O tema b foi o mais encontrado entre as respostas, tendo sido a base única da resposta de 38 dos programas, projetos e atividades, fazendo parte da resposta múltipla de mais 14. No total, as respostas dos 52 responsáveis (58%) foram, total ou parcialmente, classificadas nessa categoria.

c) transferência de tecnologia (técnica ou administrativa) de uma área para outra

Esse tema pode ser encontrado nos critérios de inscrição (repetição da experiência por outros ou transferência para outros), mas parece ser o menos usado pelos semifinalistas ao descrever suas atividades. O tema c foi somente encontrado em três casos; e em todos fez parte de uma resposta múltipla. Aqui estão (grifo nosso):

"O programa inovou ao se desafiar a transpor para uma esfera mais ampla de trabalho (município e desenvolvimento local) uma concepção teórico-metodológica (...) capaz de gerar organizações protagonistas, empreendimentos auto-gestionários e cidadãos críticos."

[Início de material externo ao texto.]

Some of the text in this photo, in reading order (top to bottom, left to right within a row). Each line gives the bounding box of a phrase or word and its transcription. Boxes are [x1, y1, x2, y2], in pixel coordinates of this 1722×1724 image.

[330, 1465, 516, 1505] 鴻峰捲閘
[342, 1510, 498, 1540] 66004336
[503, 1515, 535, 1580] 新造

"Envolvimento das comunidades na elaboração e implantação dos projetos; conservação do meio ambiente em projetos produtivos; aplicação de tecnologia de manejo de água, de solo e de cultivo de frutos e hortaliças, de forma sustentável, entre os pequenos produtores do semi-árido do Ceará."

"O projeto foi construído com base em relações muito mais democráticas entre serviços, universidade e comunidade, ao criar uma dinâmica mais horizontal entre os parceiros, possibilitando que muitos atores se tornassem participantes ativos; ação articulada entre universidade, serviços e comunidade; construção de parceria, co-gestão e transferências de tecnologias e saberes; empowerment da comunidade."

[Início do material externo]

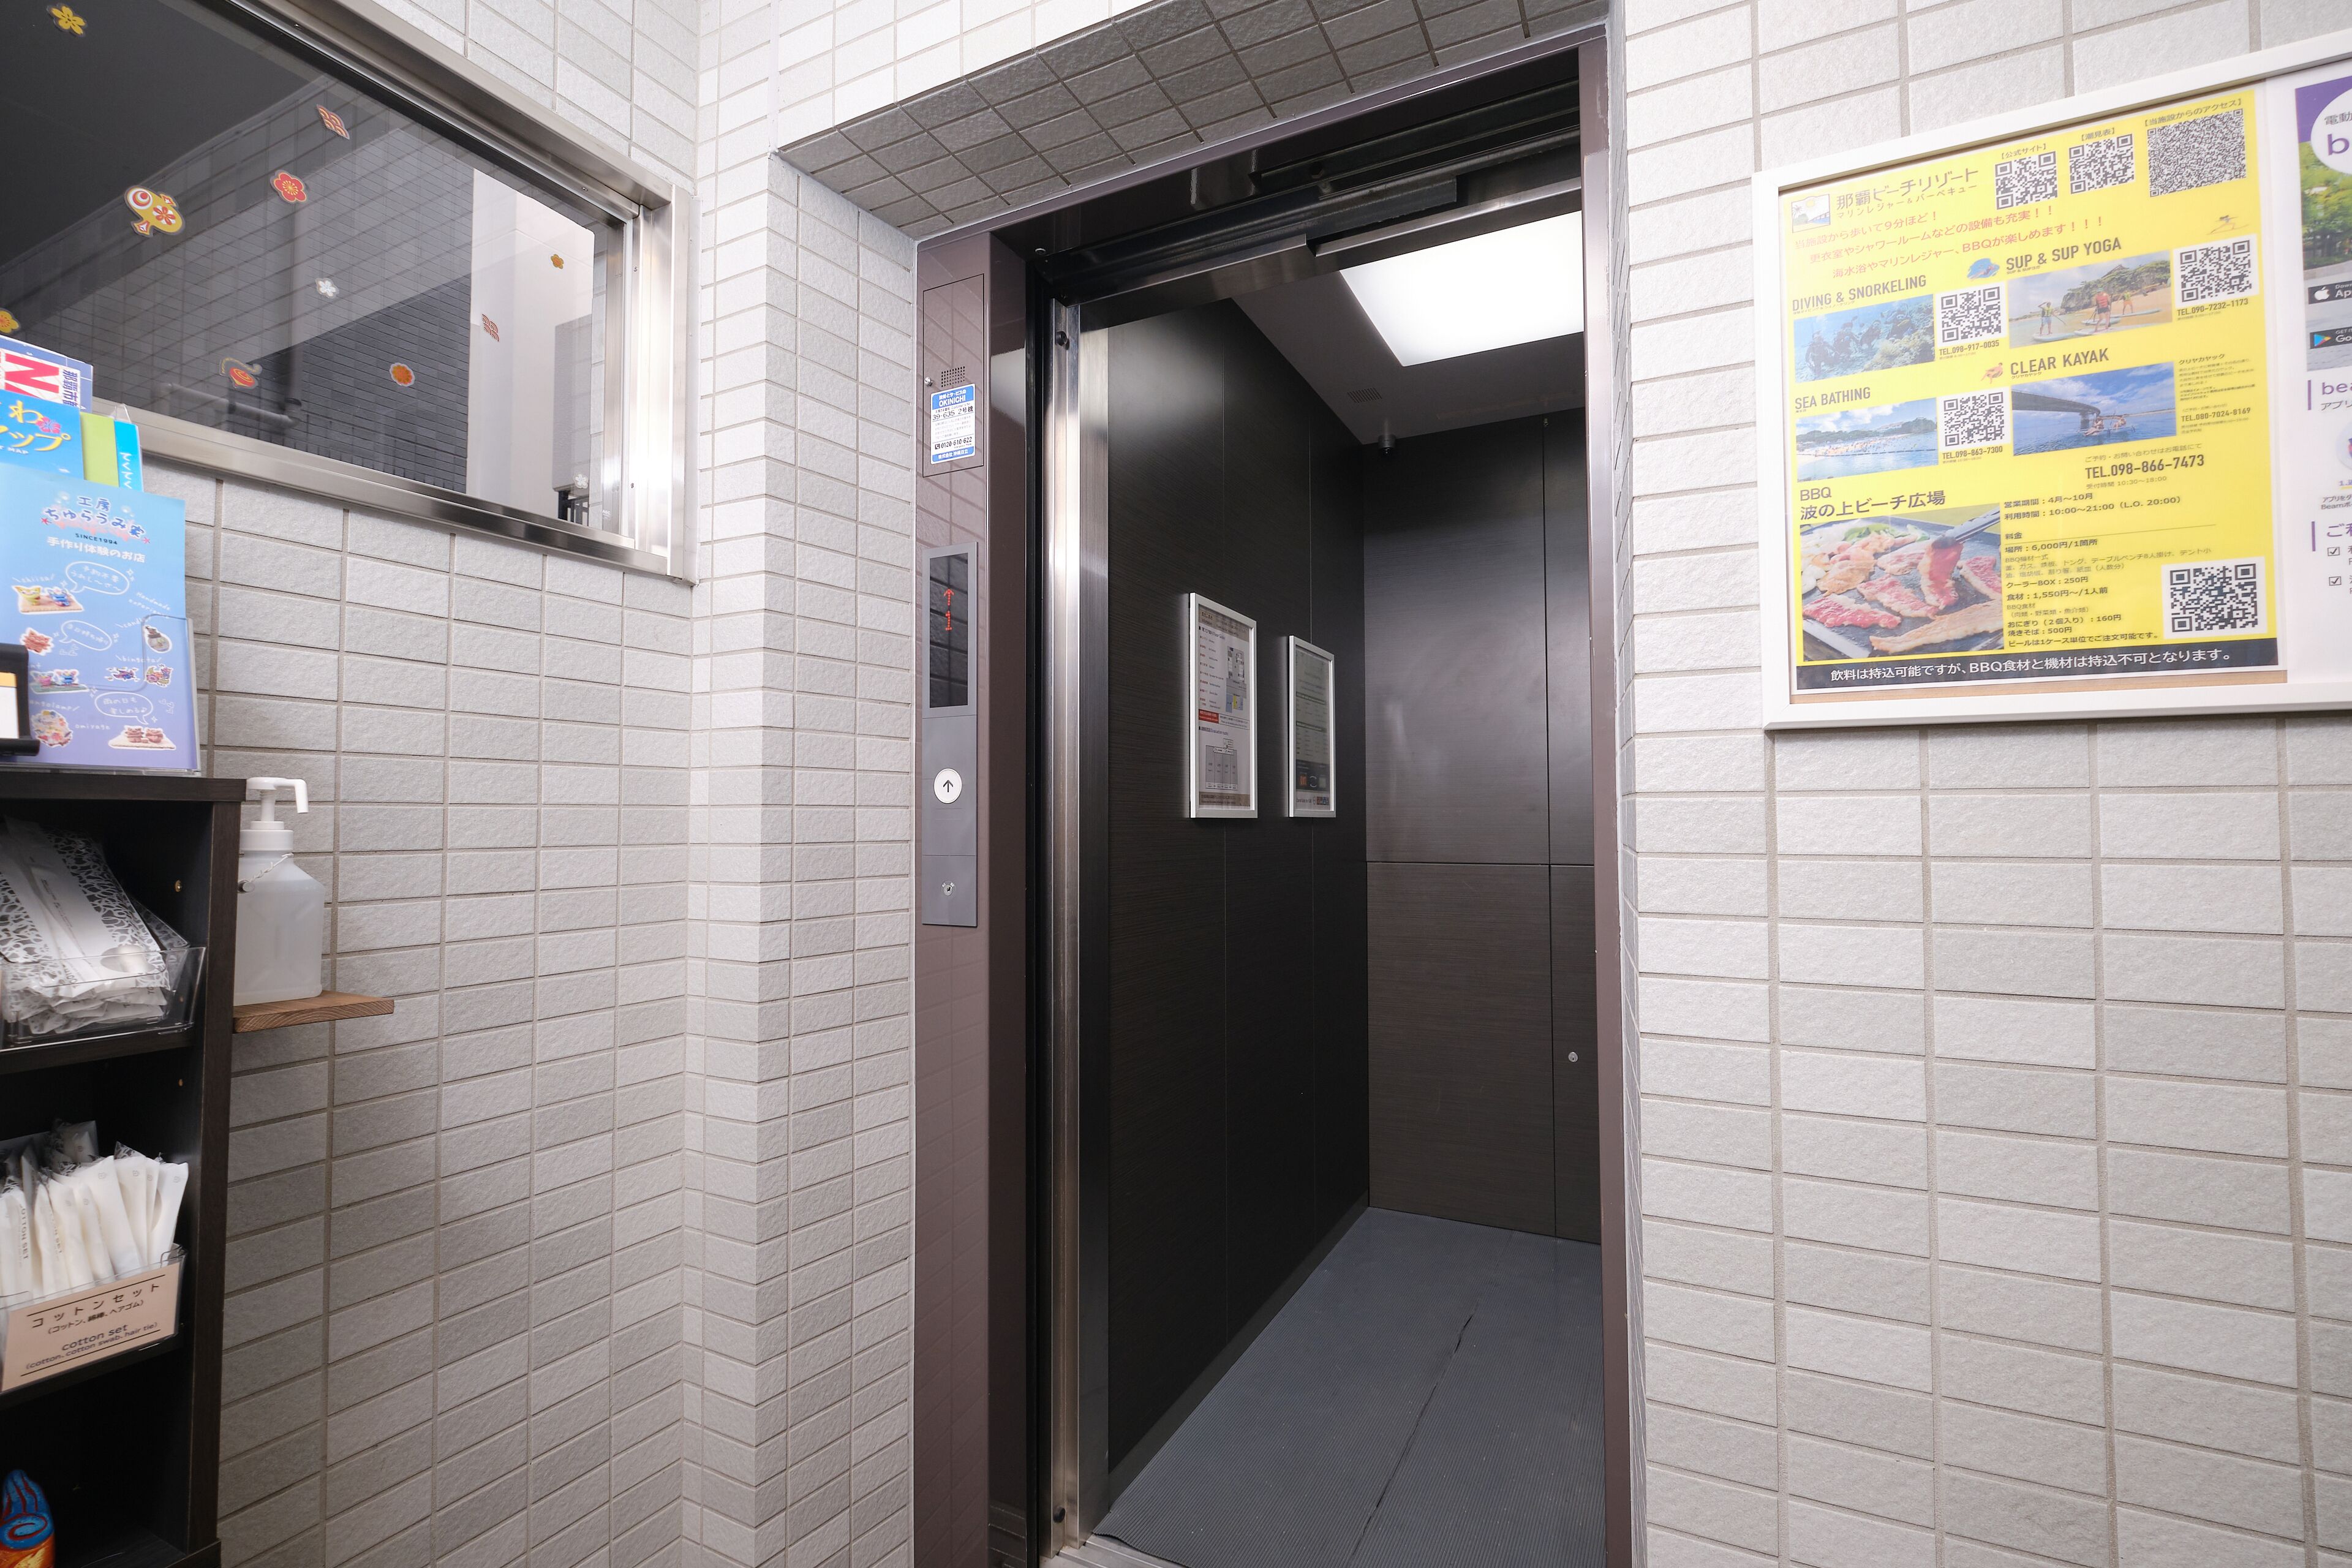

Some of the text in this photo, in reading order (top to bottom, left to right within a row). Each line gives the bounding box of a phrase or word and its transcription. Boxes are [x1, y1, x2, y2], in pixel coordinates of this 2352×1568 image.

[2002, 143, 2046, 159] 【公式サイト】
[1836, 168, 1978, 210] 那覇ビーチリゾート
[2006, 237, 2121, 270] SUP & SUP YOGA
[1793, 274, 1926, 311] DIVING & SNORKELING
[2010, 348, 2109, 375] CLEAR KAYAK
[939, 394, 966, 407] OKINICHI
[1795, 386, 1871, 409] SEA BATHING
[2085, 454, 2205, 480] TEL.098-866-7473
[1800, 487, 1831, 501] BBQ
[2086, 481, 2115, 489] 受付時間
[1800, 491, 1945, 521] 波の上ビーチ広場
[47, 537, 146, 563] 手作り体験のお店
[32, 1284, 159, 1328] コットンセット
[62, 1324, 128, 1351] cotton set

Nos três exemplos, a questão da transferência de tecnologia ocupa um lugar complementar na resposta, acompanhando outras razões vistas como mais importantes.

d) inclusão ativa e coletiva, abrangendo participação e co-gestão na busca de soluções e no monitoramento de ações

O tema d teve uma presença sólida entre as respostas, sendo a base única de nove respostas e fazendo parte de mais oito, ou seja, 17 (19%) ao todo. Alguns exemplos:

"O PAE é uma alternativa inovadora na sua forma de levar às populações carentes a questão da geração de ocupação e renda. A metodologia utilizada (...) envolve a comunidade na discussão, no desenvolvimento e na implantação de alternativas (...) as decisões nascem de baixo para cima (...) o processo rompe com o assistencialismo..."

"Participação dos agricultores e entidades na construção do processo de feiras juntamente com o poder público."

"Gestão integrada, delimitação das áreas impróprias à ocupação, com o desenvolvimento da fiscalização urbana e ambiental preventiva, em parceria com a comunidade local; definição de uso ambiental para as áreas impróprias; enfrentamento e soluções criativas; aprofundamento do processo de participação."

"O programa é voltado para uma discussão horizontalizada das demandas de segurança, bem como para atender as demandas da comunidade apresentadas através das comissões locais."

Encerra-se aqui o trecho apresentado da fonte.